Una reflexión profunda de la creadora de Fleabag sobre cómo la ficción contemporánea aborda el sufrimiento y la necesidad de escapar de él.

Phoebe Waller-Bridge, creadora de series: 'El dolor es algo que intentamos evitar todo el tiempo'

En el panorama actual de la ficción televisiva, pocas mentes han sabido diseccionar las contradicciones modernas con tanta agudeza como la de la guionista y actriz británica. Su obra ha redefinido la forma en que consumimos y sentimos las historias en la pequeña pantalla, conectando de inmediato con una generación marcada por la ironía y la vulnerabilidad.

En una conocida entrevista sobre su proceso creativo y la naturaleza de sus personajes, Phoebe Waller-Bridge dejó una frase que sintetiza a la perfección el motor de sus comedias agridulces: la resistencia humana ante el sufrimiento y la incomodidad emocional.

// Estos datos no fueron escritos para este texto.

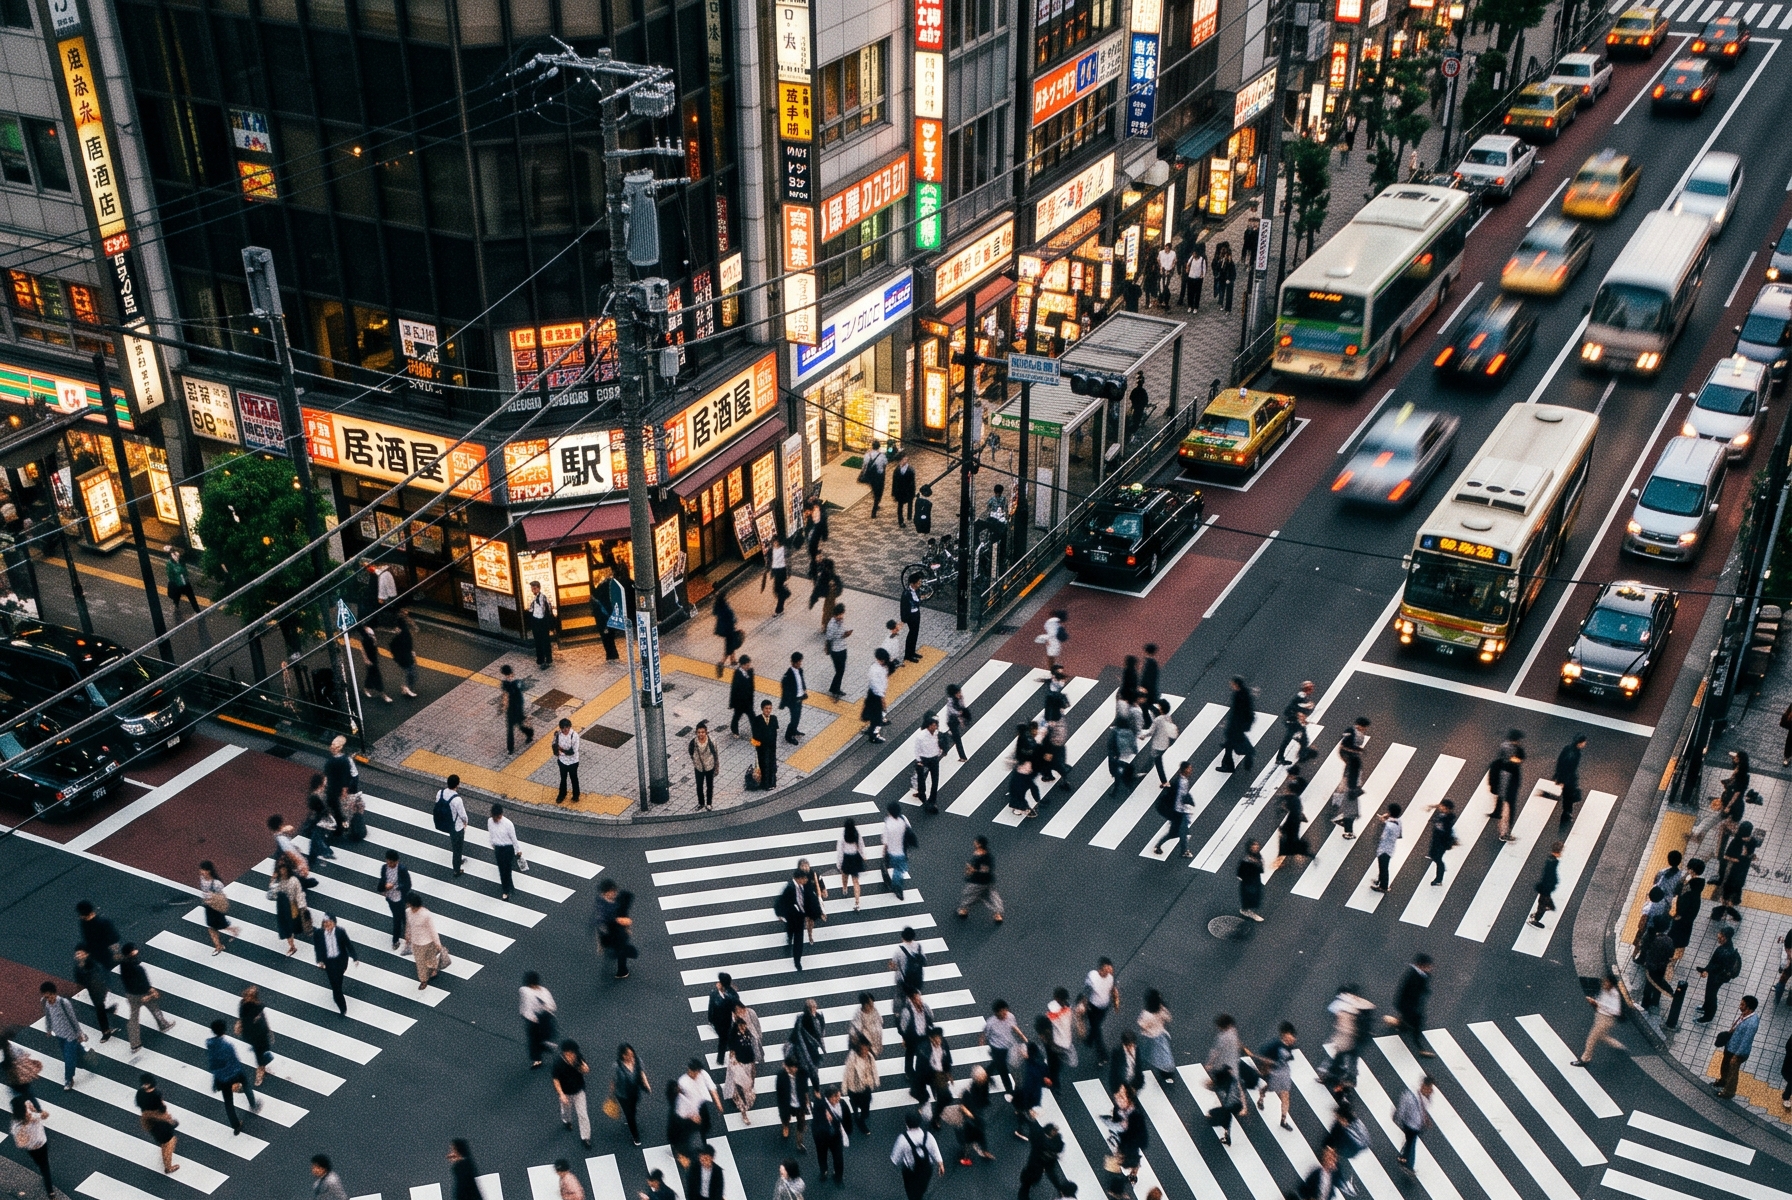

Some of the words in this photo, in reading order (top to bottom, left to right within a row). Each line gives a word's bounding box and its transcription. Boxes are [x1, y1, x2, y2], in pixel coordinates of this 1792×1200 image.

[692, 378, 752, 451] 居酒屋
[342, 426, 444, 483] 居酒屋
[560, 444, 604, 487] 駅

«El dolor es algo que intentamos evitar todo el tiempo. Y, sin embargo, es exactamente lo único que nos hace sentir vivos.»

— Phoebe Waller-Bridge

El scroll infinito contra el vacío y la necesidad de sentir en 2026

Vivimos en una época obsesionada con la optimización del bienestar, donde cada momento de aburrimiento o tristeza se combate de inmediato con una dosis de dopamina digital. El ritual contemporáneo de abrir el móvil cada dos minutos no es más que un mecanismo automatizado para huir de cualquier atisbo de malestar cotidiano. Entre notificaciones laborales fuera de horario, jornadas maratonianas y la presión constante por mostrar una vida perfecta en redes sociales, hemos convertido el confort en una trampa que nos anestesia.

La genialidad de creadoras como Waller-Bridge radica en recordarnos que la anestesia emocional tiene un precio muy alto: dejar de conectar con nosotros mismos. Cuando evitamos sistemáticamente el dolor o la incomodidad, también renunciamos de manera inevitable a la intensidad de la alegría genuina. Parar el piloto automático y aceptar que la vulnerabilidad forma parte de la experiencia diaria es, en el fondo, el acto de resistencia más revolucionario que nos queda en este vertiginoso 2026.